We’re slowly traveling around the conveyor belt. It’s not clear what’s inside the buildings, but we probably don’t want to find out: rather than a trap, this time, it’s more likely to be robot disassemblers that aren’t programmed to deal with live bodies inside the craft. Neither one of us particularly wants to be disassembled. Not today.
So we hatch a plan. The plan is this: we’re going to open the door to the craft, and then we’re going to run away from the maintenance plant as fast as we can, until we can’t see it anymore and we’re sure we’re not being followed. If we encounter anything similar to the events in the corridor, we’ll just lie down and wait for it all to go away. If it seems like an irreverent plan, it’s because we’ve had enough of it all at this point, we don’t know what’s going to be successful and won’t, and we would honestly prefer to be in bed. Maybe with each other.
Sal, being generally braver than me and more alert, goes first.
They open the door and a wave of heat hits us. It’s almost overpowering, even though we tried to be prepared for it. I have trouble imagining that anyone could survive in this for very long. It’s a dry heat, like kindling.
They look back at me once, briefly, and then run. And then I’m running too, across the grounds, concrete under my feet. We have to cross the conveyor belt, and I find as I run across it that the metal is so hot that I leave footprints behind me as the soles of my shoes begin to melt.
Sal looks back at me as they run and smiles slightly. I check back behind me and find that nothing is following. It seems like we’re in the clear, but we can’t take it for granted. We’ve got to keep running until we’re away from all this. There’s no time for “and then what?” - we’ll work that out once we get there.
The sky is a cloudless blue and I find myself squinting; there’s something about the light that seems brighter and more vibrant. We’re closer to the equator and the sun is hitting us at a different angle, so maybe that’s it, but it’s striking.
At the edge of the concrete is a fence, and beyond it, trees and buildings. I now see that some of the trees aren’t trees at all, but poles laden with clusters of some kind of device, disguised to look like trees. It’s either for aesthetics or camouflage; the first suggests utility, the latter defense. We don’t have the luxury of going around, so I hope for the former.
The fence is chain link, and it’s burning hot. Sal reaches it first and begins to climb, and I think I can even smell their flesh searing against it. Then I reach it, and I feel the pain of it searing me, too. I try and block it out of my mind and climb as fast as I can, just as Sal seems to be.
Once I’m at the top I let myself fall to the ground on the other side, and I immediately realize what the trees are, and how incredibly irresponsible their presence is; worse, I’m glad for them, and I feel guilty for that sensation of relief.
The trees are air conditioning. They’ve been positioned to provide lower temperatures outside, in order to make it safe to be out here for longer. There’s no way to build this at scale without continuing to pump fumes into the atmosphere; the more of these there are, the hotter it will become.
Right now, just for right this second, they feel good. I hold my burned hands up to the cold jets of air. It’s soothing.
The air conditioning trees seem to follow paths between buildings, which probably means there are soldiers patrolling out here. I don’t see any yet, and nobody followed us, but it’s only a matter of time.

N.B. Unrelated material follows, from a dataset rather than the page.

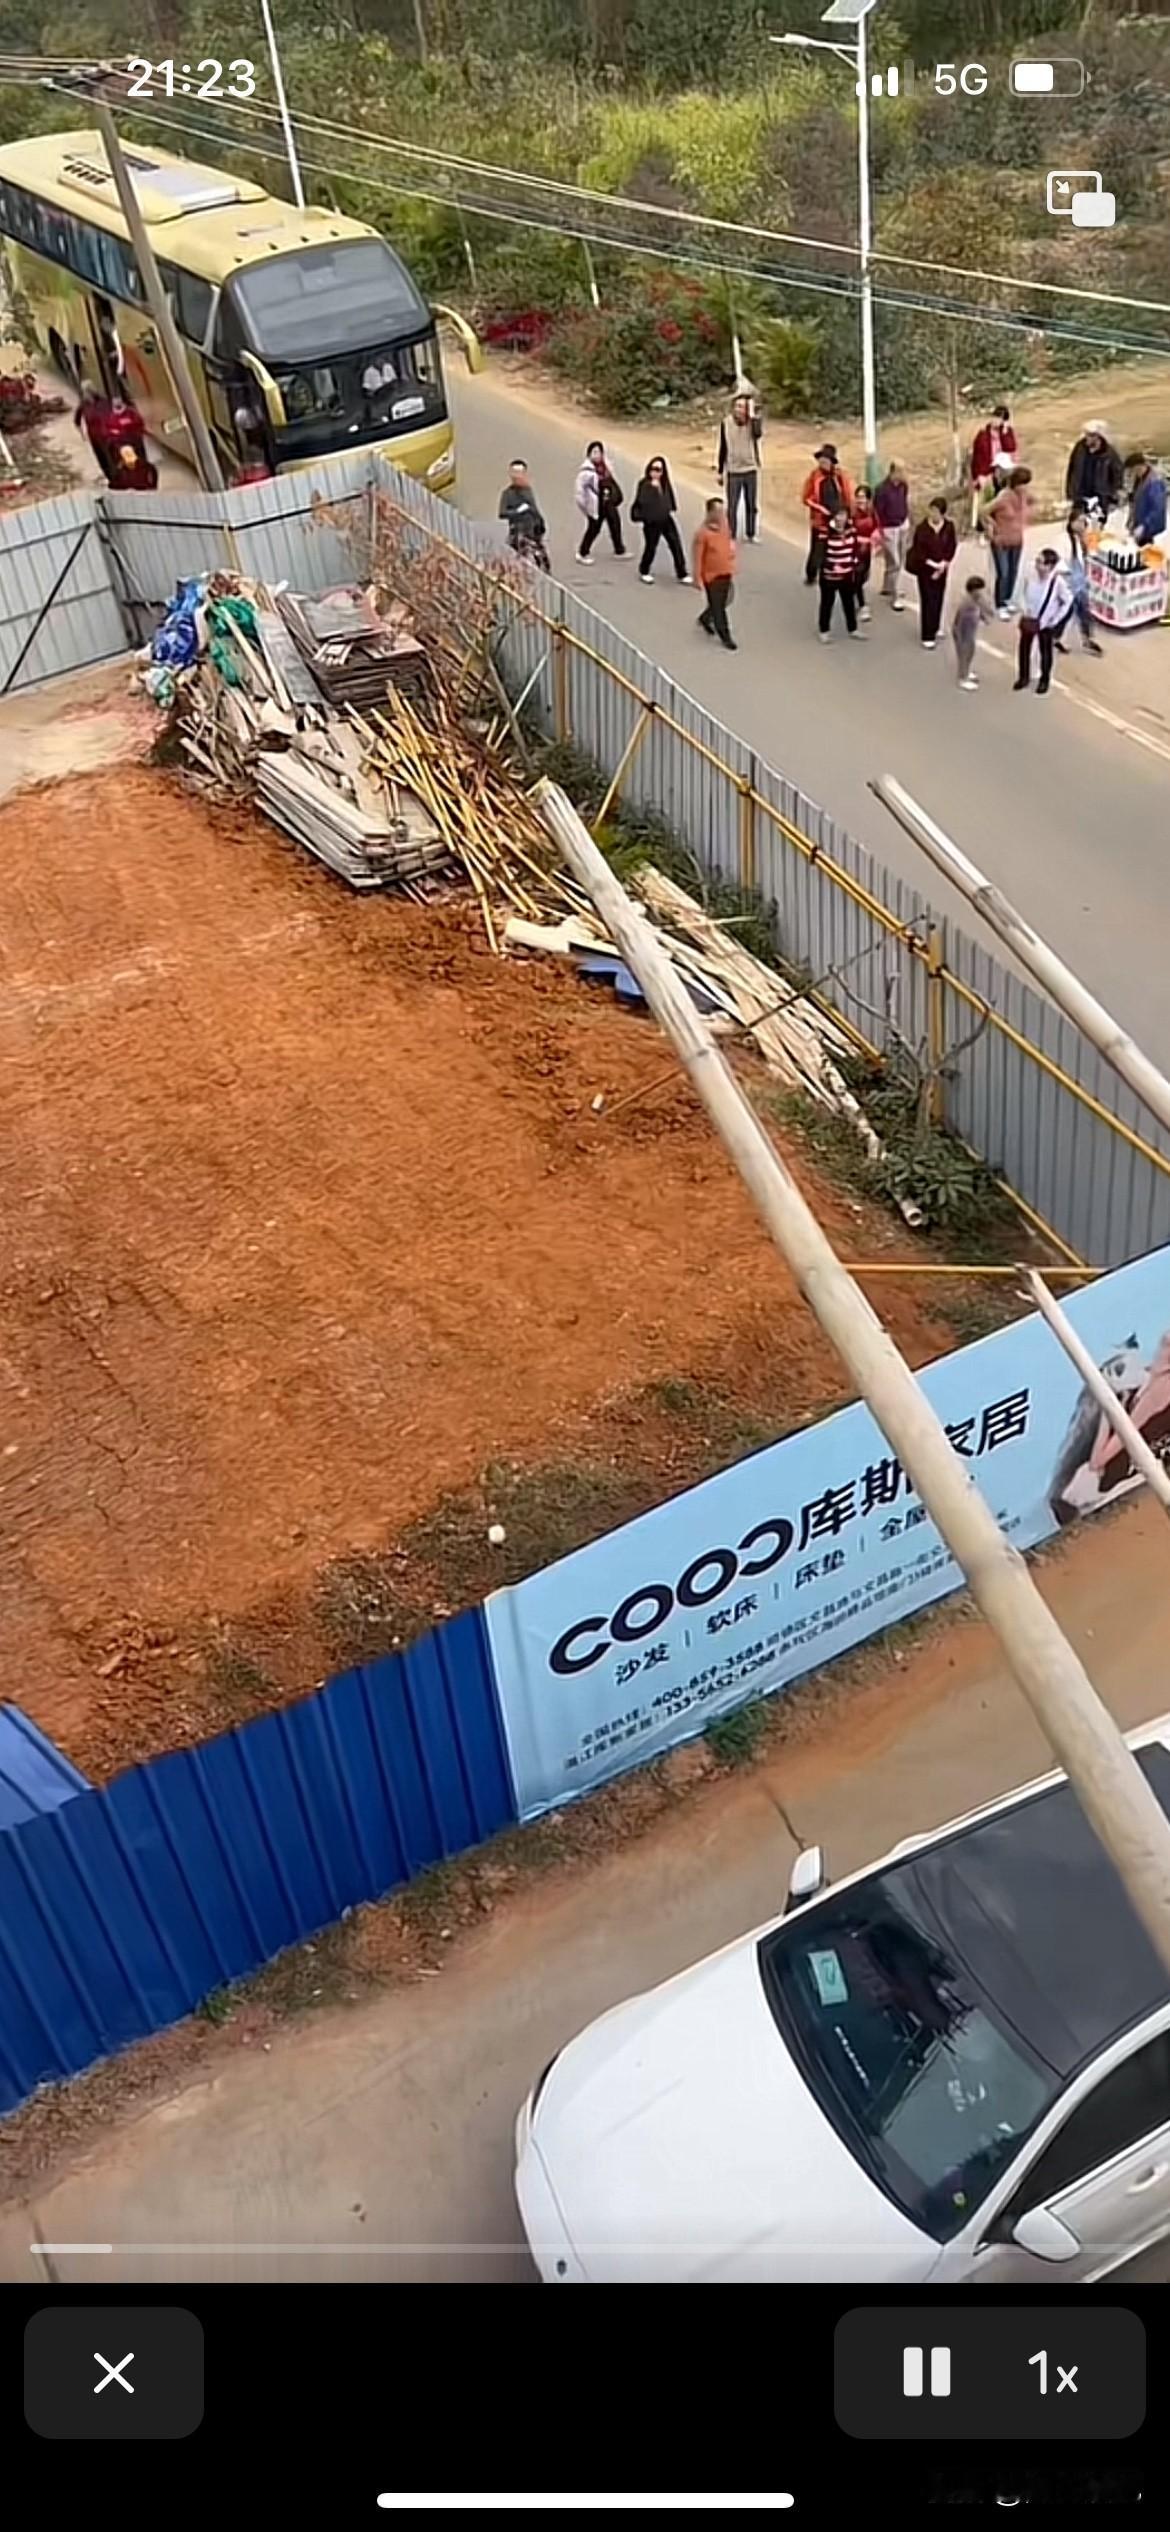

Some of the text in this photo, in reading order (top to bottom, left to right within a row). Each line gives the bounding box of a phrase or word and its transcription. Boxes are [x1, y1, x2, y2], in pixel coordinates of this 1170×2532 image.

[614, 1643, 669, 1686] 沙发
[706, 1594, 758, 1635] 软床
[795, 1550, 845, 1588] 床垫

Sal is eyeing the trees up and seems to be thinking along similar lines. “We’re not going to be alone for long,” they say. “We should keep moving.”
I take their full body in while we’re standing still. Just a few minutes ago we unlocked something new between us. Now we’re on the run again - to find Let, and figure out who’s behind the lenses and the soldiers.
Sal half-smiles. “I’d hold your hand, but,” they say, holding up their burned palms apologetically.
And then they’re off running, and I’m following as best I can.